BEGIN

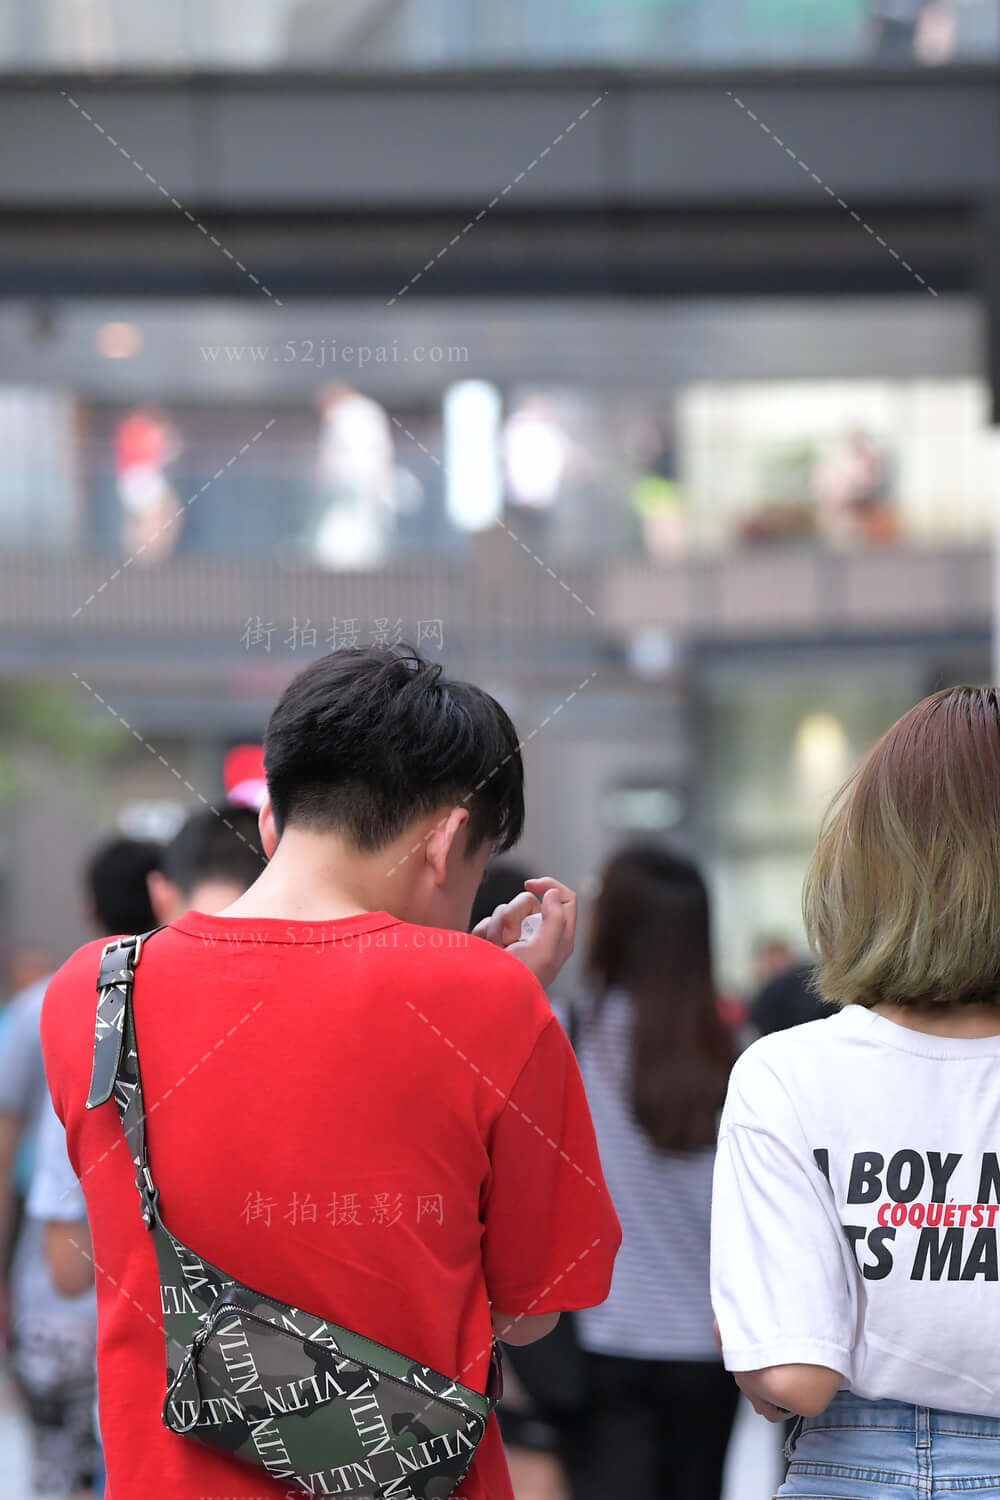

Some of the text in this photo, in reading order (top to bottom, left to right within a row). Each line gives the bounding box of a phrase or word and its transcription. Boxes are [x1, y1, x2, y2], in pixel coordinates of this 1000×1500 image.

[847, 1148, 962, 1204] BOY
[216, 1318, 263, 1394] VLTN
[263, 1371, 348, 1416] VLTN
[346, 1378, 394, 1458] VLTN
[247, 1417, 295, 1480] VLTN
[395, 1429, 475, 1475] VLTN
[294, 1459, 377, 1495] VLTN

END

Exercise aim:
Omit the pictures and copy the records above exactly.

Completed exercise:
Some of the text in this photo, in reading order (top to bottom, left to right within a row). Each line gives the bounding box of a phrase or word and its transcription. Boxes are [x1, y1, x2, y2], in pixel coordinates of this 1000×1500 image.

[847, 1148, 962, 1204] BOY
[216, 1318, 263, 1394] VLTN
[263, 1371, 348, 1416] VLTN
[346, 1378, 394, 1458] VLTN
[247, 1417, 295, 1480] VLTN
[395, 1429, 475, 1475] VLTN
[294, 1459, 377, 1495] VLTN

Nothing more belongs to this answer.